Banyak pihak yang mulai bertanya-tanya, ini pertanda apa? Dan lebih jauh lagi, apa imbasnya terhadap perilaku investor kripto di Indonesia?
Ketika Angka Jadi Alarm
Nilai tukar rupiah memang bukan hanya sekadar angka di layar monitor. Ia menjadi semacam termometer yang menunjukkan “suhu” kepercayaan investor terhadap kondisi ekonomi kita.
“Sentimen pasar sangat negatif, baik terhadap pasar saham maupun rupiah,” ujar Pauline Ng, Kepala Ekuitas untuk kawasan Asia Tenggara di JPMorgan Asset Management.
Saat ini, kekhawatiran datang dari berbagai arah, salah satunya adalah program belanja besar-besaran pemerintah yang mulai dipertanyakan keberlanjutan anggarannya.

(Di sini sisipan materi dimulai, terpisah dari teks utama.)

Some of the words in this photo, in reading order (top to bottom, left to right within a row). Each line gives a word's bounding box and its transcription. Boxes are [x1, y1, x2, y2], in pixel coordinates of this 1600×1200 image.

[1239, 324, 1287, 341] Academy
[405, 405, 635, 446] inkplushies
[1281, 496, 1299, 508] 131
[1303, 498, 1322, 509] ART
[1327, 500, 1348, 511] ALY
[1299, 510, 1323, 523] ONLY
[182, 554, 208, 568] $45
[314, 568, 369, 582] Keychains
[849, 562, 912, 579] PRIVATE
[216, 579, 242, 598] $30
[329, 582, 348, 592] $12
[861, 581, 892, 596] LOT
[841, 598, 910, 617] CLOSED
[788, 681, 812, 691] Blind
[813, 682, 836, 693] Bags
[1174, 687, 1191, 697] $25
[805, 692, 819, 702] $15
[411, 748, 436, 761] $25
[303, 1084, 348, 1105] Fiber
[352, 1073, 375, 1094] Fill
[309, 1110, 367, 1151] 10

Contohnya, seperti yang disorot oleh Kontan, adalah program makan siang gratis yang dirancang untuk lebih dari seperempat populasi Indonesia. Program ini memakan biaya sekitar Rp71 triliun.

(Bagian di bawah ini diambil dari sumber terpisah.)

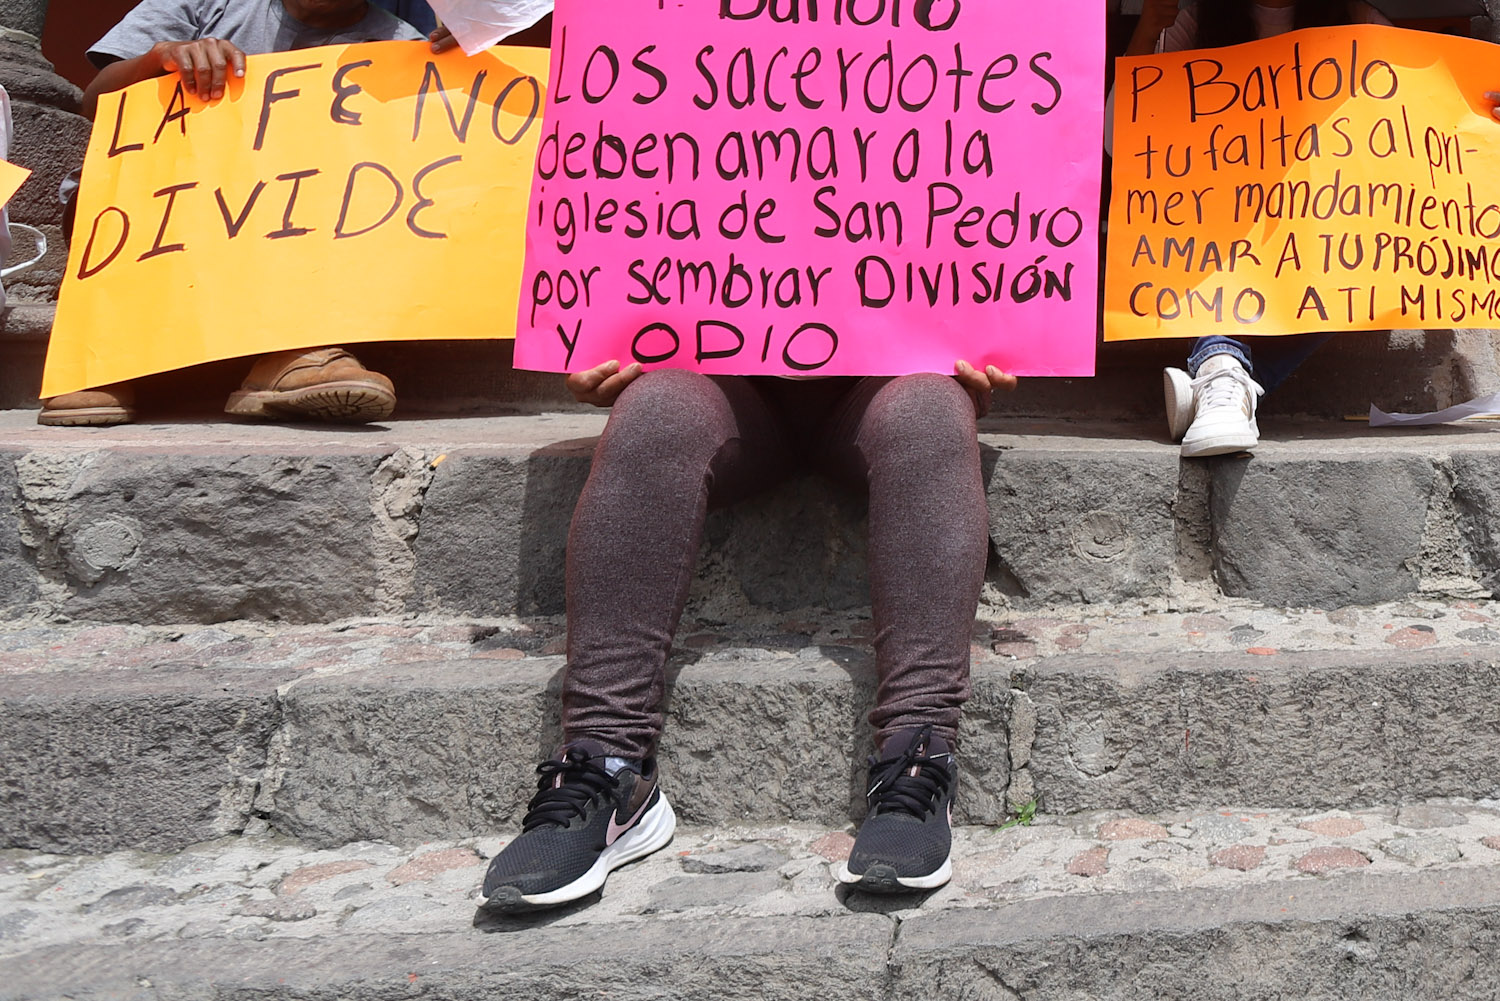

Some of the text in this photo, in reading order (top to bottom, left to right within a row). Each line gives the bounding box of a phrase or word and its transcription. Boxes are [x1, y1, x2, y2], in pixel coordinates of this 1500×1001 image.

[553, 25, 1063, 116] Los sacerdotes
[1182, 39, 1399, 123] Bartolo
[107, 59, 541, 159] LA FE NO
[1134, 104, 1479, 189] tu faltas al pri-
[537, 119, 994, 185] deben amar a la
[77, 154, 462, 280] DIVIDE
[537, 181, 1084, 254] iglesia de San Pedro
[1127, 183, 1214, 226] mer
[531, 252, 1073, 329] por sembrar DIVISIÓN
[1131, 234, 1261, 273] AMAR
[1274, 232, 1301, 279] A
[1319, 232, 1364, 273] TU
[1129, 281, 1266, 325] COMO
[1296, 286, 1329, 321] A
[1338, 286, 1376, 323] TI
[631, 320, 839, 371] ODIO

Meskipun tujuannya mulia, banyak investor mulai gelisah, jangan-jangan ini akan menambah beban utang negara secara berlebihan. Dalam dunia finansial, kekhawatiran seperti ini bisa dengan cepat berubah menjadi arus modal keluar dari pasar domestik.
Investor Lari, Kripto Jadi Pelarian?
Di sisi lain, ketika rupiah tertekan, mata uang digital seperti stablecoin berbasis dolar AS justru dapat mencuri perhatian. Bayangkan saja, ketika nilai rupiah goyah, dan harga barang impor makin mahal, wajar bila sebagian masyarakat mulai mencari instrumen yang nilainya lebih stabil seperti dolar AS dan emas.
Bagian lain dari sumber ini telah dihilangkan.